EXERCISE INSTRUCTIONS >> Return the entries below word for word; no images should appear in the copy.

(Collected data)
• • • • • • •

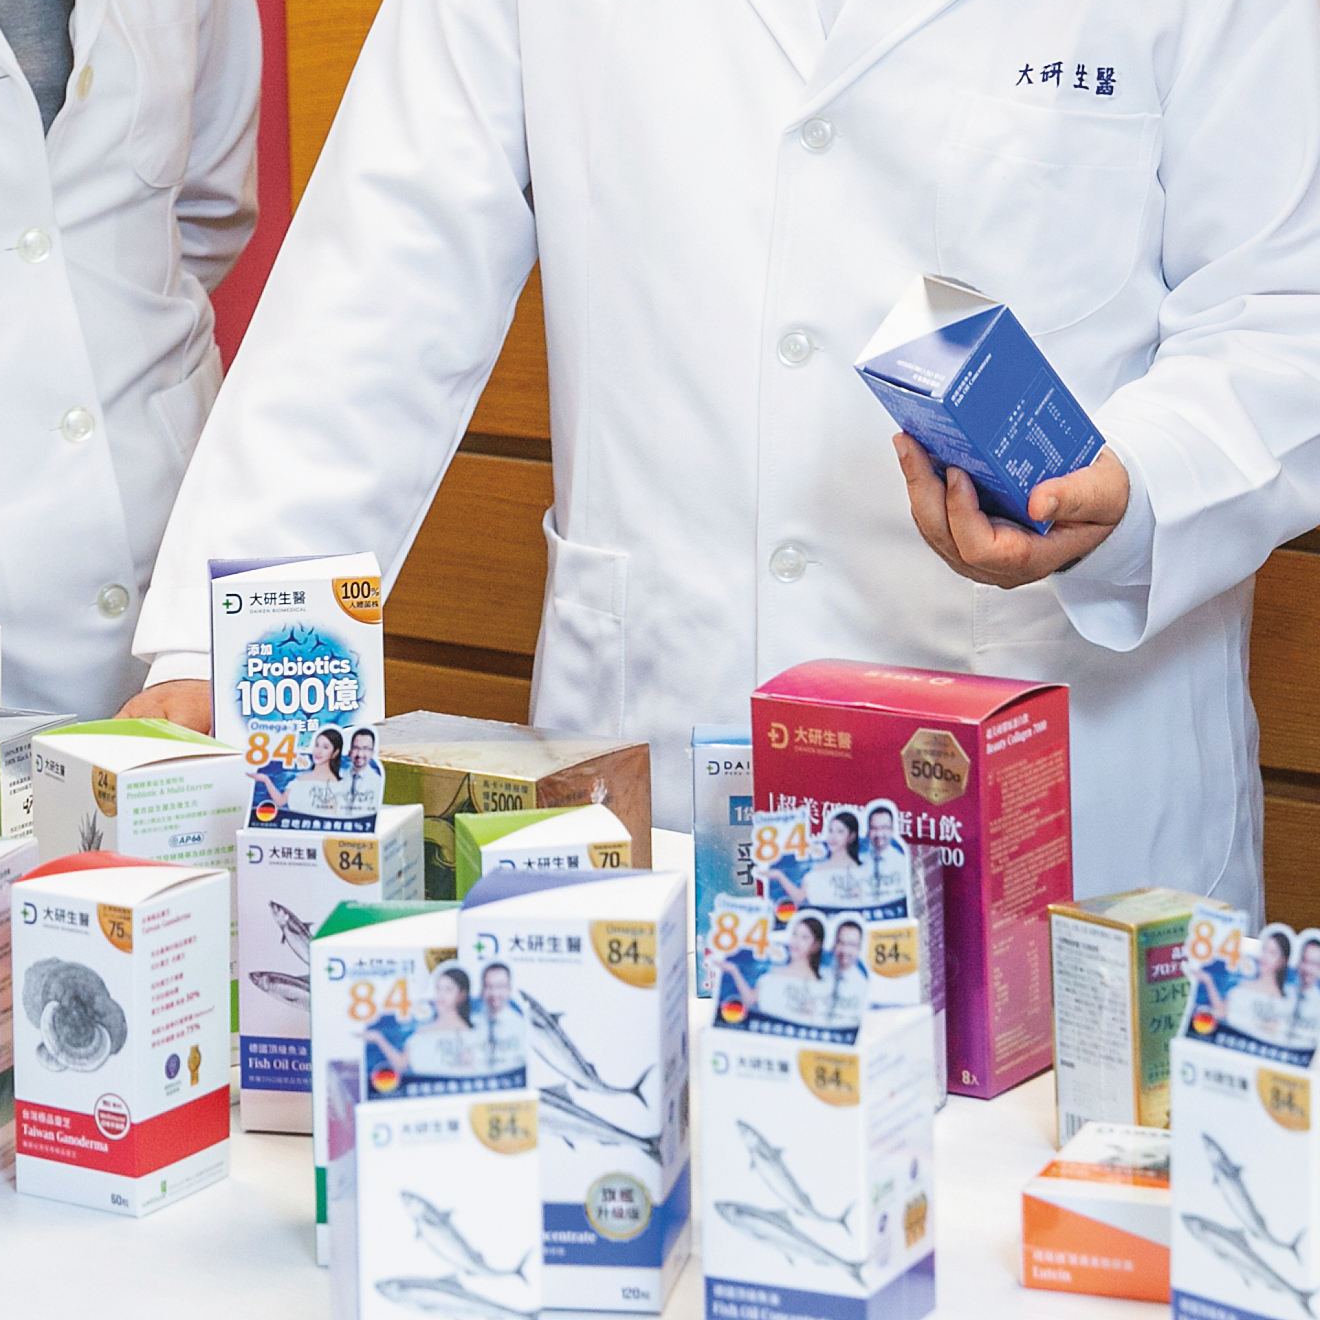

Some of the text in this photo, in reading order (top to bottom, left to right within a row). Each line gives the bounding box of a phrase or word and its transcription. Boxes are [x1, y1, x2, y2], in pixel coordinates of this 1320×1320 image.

[1016, 61, 1116, 95] 大研生醫
[250, 592, 306, 606] 大研生醫
[342, 581, 379, 599] 100%
[247, 644, 273, 656] 添加
[247, 656, 350, 676] Probiotics
[237, 678, 359, 715] 1000億
[794, 726, 852, 749] 大研生醫
[44, 759, 65, 777] 大研生醫
[127, 790, 157, 800] Probiotic
[179, 835, 201, 844] AP66
[269, 846, 317, 860] 大研生醫
[523, 855, 579, 869] 大研生醫
[43, 908, 90, 927] 大研生醫
[509, 934, 582, 952] 大研生醫
[248, 1058, 289, 1070] Fish Oil
[22, 1123, 54, 1142] Taiwan
[56, 1131, 108, 1153] Ganoderma
[543, 1231, 597, 1244] centrate

• • • • • • •

RESULT >>
Some of the text in this photo, in reading order (top to bottom, left to right within a row). Each line gives the bounding box of a phrase or word and its transcription. Boxes are [x1, y1, x2, y2], in pixel coordinates of this 1320×1320 image.

[1016, 61, 1116, 95] 大研生醫
[250, 592, 306, 606] 大研生醫
[342, 581, 379, 599] 100%
[247, 644, 273, 656] 添加
[247, 656, 350, 676] Probiotics
[237, 678, 359, 715] 1000億
[794, 726, 852, 749] 大研生醫
[44, 759, 65, 777] 大研生醫
[127, 790, 157, 800] Probiotic
[179, 835, 201, 844] AP66
[269, 846, 317, 860] 大研生醫
[523, 855, 579, 869] 大研生醫
[43, 908, 90, 927] 大研生醫
[509, 934, 582, 952] 大研生醫
[248, 1058, 289, 1070] Fish Oil
[22, 1123, 54, 1142] Taiwan
[56, 1131, 108, 1153] Ganoderma
[543, 1231, 597, 1244] centrate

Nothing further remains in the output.